Given records —
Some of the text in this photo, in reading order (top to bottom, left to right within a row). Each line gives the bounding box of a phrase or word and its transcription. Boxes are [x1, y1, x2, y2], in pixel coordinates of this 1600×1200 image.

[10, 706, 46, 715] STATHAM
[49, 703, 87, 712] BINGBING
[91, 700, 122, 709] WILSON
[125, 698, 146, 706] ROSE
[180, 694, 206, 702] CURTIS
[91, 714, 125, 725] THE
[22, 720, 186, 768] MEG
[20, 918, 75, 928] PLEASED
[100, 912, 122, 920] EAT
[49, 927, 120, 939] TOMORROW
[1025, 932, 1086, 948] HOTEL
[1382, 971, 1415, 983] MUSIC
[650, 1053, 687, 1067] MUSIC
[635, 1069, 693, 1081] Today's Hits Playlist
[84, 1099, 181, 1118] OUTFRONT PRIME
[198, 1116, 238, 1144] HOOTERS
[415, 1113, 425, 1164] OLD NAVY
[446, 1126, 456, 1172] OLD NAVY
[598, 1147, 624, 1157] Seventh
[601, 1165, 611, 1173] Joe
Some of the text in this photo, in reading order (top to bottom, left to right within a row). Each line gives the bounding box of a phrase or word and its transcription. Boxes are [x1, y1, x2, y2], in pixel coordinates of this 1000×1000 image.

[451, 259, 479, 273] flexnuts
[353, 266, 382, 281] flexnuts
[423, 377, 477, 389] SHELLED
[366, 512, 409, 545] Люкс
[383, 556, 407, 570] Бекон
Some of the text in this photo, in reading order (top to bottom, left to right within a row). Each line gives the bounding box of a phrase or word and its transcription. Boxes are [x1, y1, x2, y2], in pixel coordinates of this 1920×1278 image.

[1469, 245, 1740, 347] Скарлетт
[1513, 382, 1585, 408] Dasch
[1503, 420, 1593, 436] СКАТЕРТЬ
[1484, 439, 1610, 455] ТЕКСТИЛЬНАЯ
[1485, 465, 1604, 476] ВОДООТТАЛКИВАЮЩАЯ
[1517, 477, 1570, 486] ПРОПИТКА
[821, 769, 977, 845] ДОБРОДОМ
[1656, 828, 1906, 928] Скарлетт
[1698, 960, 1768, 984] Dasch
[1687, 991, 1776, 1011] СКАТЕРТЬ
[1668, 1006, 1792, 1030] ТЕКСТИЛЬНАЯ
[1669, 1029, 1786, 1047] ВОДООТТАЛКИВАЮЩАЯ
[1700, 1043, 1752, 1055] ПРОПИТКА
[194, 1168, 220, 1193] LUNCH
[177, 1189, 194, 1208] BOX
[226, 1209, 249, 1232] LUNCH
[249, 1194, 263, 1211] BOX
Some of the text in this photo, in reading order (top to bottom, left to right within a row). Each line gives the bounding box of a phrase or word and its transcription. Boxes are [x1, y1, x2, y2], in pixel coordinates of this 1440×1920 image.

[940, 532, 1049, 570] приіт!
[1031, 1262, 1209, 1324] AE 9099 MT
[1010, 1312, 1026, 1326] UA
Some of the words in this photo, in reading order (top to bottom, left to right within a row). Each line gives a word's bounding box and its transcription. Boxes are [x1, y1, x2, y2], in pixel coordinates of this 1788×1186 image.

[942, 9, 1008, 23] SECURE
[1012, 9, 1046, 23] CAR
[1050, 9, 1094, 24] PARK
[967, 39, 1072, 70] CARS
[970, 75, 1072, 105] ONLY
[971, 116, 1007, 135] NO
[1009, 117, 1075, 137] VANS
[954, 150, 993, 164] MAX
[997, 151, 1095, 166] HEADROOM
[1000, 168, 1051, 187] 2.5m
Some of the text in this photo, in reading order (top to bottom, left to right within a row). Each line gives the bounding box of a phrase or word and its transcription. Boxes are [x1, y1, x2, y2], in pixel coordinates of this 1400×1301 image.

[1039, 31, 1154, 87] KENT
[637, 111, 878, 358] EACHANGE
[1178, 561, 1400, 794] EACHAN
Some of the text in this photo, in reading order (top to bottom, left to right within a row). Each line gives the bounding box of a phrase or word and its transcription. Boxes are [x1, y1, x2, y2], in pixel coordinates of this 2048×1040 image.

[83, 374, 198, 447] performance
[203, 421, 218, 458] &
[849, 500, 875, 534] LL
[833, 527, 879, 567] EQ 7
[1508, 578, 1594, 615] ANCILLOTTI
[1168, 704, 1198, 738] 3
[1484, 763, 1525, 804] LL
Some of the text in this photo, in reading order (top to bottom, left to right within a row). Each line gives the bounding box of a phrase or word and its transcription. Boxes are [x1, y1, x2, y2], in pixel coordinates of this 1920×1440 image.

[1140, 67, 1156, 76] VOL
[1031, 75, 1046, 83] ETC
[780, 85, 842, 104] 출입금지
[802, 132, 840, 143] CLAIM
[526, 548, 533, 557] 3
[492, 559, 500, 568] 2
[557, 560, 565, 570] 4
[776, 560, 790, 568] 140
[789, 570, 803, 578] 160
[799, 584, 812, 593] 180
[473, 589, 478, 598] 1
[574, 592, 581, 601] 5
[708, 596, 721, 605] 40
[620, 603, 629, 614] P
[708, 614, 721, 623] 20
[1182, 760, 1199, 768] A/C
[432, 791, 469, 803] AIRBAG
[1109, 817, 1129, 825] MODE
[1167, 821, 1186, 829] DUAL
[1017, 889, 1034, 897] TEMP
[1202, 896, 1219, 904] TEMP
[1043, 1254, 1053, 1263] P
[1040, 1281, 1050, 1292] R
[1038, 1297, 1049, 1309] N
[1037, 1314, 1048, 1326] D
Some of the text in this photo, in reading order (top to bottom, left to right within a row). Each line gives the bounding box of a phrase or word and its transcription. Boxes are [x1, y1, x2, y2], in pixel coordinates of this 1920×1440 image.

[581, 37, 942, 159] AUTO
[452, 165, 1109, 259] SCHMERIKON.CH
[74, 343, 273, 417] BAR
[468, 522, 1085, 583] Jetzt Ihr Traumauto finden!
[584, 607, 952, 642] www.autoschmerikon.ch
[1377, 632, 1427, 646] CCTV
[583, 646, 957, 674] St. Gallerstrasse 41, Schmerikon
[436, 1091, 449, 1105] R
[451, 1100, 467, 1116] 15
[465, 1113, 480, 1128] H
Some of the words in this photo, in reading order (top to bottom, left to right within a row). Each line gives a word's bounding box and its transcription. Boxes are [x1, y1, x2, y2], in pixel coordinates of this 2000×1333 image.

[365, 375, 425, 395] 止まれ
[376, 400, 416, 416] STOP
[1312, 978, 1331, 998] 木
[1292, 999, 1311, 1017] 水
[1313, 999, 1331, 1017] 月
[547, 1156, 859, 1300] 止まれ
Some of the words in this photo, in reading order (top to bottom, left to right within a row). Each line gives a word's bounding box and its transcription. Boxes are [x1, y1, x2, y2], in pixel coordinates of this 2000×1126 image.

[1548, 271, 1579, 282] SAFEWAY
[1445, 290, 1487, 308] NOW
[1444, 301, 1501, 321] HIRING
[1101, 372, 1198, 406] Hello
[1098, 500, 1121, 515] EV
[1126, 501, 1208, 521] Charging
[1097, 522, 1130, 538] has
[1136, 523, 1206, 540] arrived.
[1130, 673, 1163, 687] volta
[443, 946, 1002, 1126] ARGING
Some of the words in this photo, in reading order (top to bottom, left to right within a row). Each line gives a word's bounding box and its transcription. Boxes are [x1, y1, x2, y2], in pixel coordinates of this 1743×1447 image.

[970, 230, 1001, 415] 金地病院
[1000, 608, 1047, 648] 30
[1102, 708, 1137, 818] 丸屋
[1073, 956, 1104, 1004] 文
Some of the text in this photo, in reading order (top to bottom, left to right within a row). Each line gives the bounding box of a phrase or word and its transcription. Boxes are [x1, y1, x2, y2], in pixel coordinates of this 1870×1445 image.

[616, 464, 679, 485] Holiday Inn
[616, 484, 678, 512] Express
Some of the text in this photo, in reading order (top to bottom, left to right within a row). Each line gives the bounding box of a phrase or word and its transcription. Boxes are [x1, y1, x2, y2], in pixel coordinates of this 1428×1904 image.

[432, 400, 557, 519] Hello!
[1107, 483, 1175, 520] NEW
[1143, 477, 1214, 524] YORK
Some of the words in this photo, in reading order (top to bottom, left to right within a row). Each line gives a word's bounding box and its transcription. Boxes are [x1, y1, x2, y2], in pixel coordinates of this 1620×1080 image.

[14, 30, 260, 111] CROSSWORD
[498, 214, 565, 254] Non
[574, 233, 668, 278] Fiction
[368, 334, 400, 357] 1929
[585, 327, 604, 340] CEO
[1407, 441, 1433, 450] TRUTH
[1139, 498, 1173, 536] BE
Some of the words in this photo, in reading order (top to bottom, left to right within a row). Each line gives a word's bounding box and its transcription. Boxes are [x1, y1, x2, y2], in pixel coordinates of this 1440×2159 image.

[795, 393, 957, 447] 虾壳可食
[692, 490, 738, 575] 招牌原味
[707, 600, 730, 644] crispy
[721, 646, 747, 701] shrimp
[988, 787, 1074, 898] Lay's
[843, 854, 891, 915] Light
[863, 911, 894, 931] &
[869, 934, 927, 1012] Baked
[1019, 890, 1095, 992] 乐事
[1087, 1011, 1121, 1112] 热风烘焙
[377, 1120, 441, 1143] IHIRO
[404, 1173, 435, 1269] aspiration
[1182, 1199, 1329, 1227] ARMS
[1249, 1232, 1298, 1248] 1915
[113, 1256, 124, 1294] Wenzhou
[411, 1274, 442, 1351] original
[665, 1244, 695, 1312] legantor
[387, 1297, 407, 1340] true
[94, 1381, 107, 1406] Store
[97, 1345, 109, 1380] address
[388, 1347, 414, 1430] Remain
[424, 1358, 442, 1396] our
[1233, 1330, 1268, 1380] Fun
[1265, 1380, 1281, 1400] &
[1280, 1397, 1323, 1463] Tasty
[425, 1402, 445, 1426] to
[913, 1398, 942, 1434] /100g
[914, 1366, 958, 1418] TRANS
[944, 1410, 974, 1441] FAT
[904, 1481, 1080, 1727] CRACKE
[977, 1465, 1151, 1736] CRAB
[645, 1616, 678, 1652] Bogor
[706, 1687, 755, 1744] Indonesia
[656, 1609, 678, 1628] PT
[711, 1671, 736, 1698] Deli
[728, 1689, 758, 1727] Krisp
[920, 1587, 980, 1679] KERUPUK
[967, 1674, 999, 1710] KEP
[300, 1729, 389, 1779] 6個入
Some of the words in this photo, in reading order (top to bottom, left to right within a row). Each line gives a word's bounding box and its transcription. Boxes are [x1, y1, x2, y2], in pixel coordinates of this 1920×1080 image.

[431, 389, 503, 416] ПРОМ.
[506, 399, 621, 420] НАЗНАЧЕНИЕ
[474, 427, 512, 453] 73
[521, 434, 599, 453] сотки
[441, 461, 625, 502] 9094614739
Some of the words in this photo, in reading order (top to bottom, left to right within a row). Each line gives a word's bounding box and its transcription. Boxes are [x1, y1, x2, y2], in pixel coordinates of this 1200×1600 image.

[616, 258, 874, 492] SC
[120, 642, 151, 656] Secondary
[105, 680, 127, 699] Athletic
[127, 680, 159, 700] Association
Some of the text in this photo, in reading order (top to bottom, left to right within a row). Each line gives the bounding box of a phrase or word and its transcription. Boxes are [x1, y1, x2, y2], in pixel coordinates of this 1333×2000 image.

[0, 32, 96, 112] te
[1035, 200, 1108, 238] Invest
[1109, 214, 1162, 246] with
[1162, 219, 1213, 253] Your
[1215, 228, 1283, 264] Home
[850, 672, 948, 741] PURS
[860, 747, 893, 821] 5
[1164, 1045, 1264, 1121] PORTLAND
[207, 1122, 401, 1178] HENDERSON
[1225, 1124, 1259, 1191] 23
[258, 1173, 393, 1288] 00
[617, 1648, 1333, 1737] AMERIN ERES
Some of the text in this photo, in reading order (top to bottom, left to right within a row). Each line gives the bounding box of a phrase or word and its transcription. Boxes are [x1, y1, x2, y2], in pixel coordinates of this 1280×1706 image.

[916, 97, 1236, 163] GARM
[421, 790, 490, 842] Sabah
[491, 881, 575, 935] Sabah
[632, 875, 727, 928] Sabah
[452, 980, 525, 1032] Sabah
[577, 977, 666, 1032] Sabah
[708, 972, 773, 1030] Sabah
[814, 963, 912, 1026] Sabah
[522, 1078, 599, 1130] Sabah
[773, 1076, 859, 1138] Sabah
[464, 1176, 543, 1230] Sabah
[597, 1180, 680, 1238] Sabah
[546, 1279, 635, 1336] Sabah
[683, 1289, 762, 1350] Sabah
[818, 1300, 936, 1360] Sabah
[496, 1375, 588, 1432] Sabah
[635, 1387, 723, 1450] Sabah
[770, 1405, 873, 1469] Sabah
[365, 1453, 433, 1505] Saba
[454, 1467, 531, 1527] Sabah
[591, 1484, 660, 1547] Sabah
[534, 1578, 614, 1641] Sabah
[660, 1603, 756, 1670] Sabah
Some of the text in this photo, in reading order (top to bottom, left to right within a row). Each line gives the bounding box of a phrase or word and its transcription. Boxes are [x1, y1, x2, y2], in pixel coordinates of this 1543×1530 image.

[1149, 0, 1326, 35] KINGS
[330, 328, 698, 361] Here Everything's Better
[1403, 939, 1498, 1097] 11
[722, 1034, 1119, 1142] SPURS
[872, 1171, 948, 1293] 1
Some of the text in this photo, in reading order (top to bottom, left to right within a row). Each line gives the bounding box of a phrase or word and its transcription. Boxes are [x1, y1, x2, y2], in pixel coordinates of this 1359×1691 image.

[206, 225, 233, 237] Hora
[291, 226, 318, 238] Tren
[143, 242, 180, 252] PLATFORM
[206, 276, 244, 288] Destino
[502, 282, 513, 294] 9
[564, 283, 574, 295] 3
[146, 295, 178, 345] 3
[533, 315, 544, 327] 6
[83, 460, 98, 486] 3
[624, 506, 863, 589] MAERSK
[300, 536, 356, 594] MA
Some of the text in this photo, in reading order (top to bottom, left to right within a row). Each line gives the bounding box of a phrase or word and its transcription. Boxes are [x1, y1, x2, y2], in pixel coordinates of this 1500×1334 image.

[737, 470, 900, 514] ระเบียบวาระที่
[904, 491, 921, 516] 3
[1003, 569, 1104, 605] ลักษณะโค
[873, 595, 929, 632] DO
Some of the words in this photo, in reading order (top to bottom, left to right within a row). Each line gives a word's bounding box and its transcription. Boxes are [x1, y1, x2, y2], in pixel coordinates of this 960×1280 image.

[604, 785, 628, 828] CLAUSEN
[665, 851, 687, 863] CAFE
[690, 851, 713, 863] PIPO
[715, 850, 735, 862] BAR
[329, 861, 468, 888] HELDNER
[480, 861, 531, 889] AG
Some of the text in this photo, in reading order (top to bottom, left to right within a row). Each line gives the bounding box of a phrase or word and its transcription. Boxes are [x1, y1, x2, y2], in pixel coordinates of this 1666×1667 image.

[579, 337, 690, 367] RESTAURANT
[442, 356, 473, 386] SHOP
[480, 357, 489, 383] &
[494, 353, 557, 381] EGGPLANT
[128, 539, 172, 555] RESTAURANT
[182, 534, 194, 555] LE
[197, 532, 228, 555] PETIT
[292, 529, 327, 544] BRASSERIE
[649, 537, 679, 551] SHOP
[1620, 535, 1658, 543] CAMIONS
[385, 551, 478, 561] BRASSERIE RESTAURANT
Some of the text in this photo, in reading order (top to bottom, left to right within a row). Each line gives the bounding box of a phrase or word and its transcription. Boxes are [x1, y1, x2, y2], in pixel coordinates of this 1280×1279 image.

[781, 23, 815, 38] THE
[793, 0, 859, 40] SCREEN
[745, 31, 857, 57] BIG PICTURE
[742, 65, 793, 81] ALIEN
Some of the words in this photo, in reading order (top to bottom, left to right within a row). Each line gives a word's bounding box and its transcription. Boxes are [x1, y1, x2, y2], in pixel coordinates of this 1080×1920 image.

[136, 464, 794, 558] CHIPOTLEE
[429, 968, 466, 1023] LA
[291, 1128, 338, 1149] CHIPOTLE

Work to be completed — Exactly the lines from the one containing "this 1280×1279 image." to the final line of the data, both included, should be printed, and nothing more.

Exercise response —
Some of the text in this photo, in reading order (top to bottom, left to right within a row). Each line gives the bounding box of a phrase or word and its transcription. Boxes are [x1, y1, x2, y2], in pixel coordinates of this 1280×1279 image.

[781, 23, 815, 38] THE
[793, 0, 859, 40] SCREEN
[745, 31, 857, 57] BIG PICTURE
[742, 65, 793, 81] ALIEN
Some of the words in this photo, in reading order (top to bottom, left to right within a row). Each line gives a word's bounding box and its transcription. Boxes are [x1, y1, x2, y2], in pixel coordinates of this 1080×1920 image.

[136, 464, 794, 558] CHIPOTLEE
[429, 968, 466, 1023] LA
[291, 1128, 338, 1149] CHIPOTLE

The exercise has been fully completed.